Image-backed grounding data
________________________________________
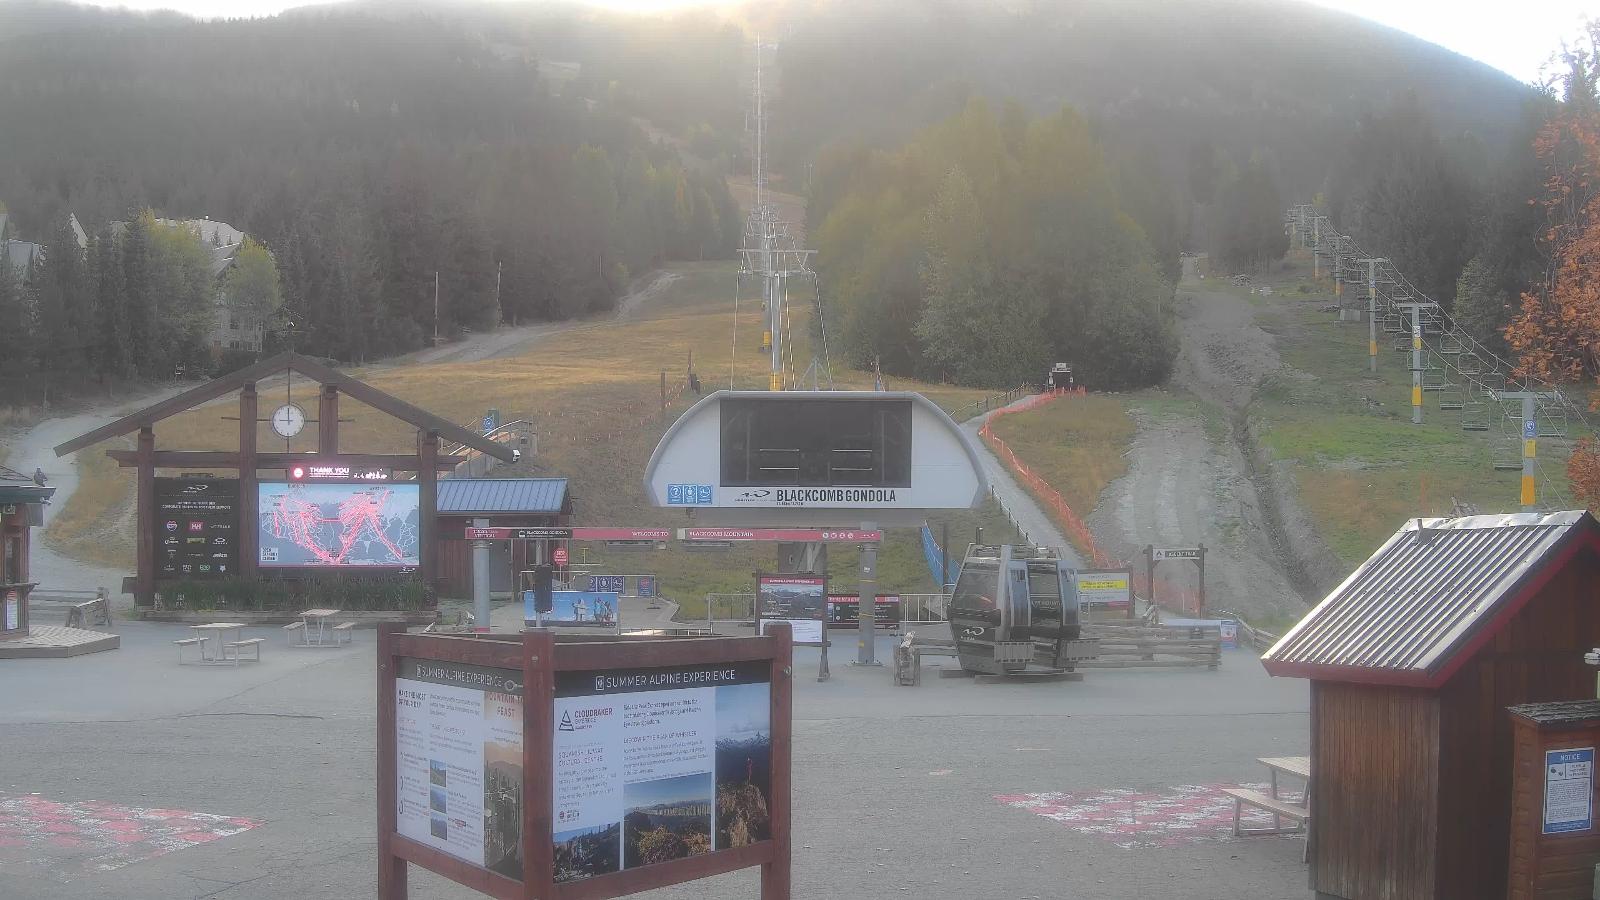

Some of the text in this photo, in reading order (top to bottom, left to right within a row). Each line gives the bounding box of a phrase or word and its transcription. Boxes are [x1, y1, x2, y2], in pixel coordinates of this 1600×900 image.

[776, 489, 896, 502] BLACKCOMB GONDOLA
[466, 672, 503, 687] EXPERIENCE
[606, 669, 736, 688] SUMMER ALPINE EXPERIENCE
[496, 706, 516, 717] FEAST
[574, 707, 614, 718] CLOUDRAKER
[1560, 753, 1580, 762] NOTICE
________________________________________
[What you have to do] Every line above is to be written out unchanged, with the pictures omitted.

[Finished task]
Some of the text in this photo, in reading order (top to bottom, left to right within a row). Each line gives the bounding box of a phrase or word and its transcription. Boxes are [x1, y1, x2, y2], in pixel coordinates of this 1600×900 image.

[776, 489, 896, 502] BLACKCOMB GONDOLA
[466, 672, 503, 687] EXPERIENCE
[606, 669, 736, 688] SUMMER ALPINE EXPERIENCE
[496, 706, 516, 717] FEAST
[574, 707, 614, 718] CLOUDRAKER
[1560, 753, 1580, 762] NOTICE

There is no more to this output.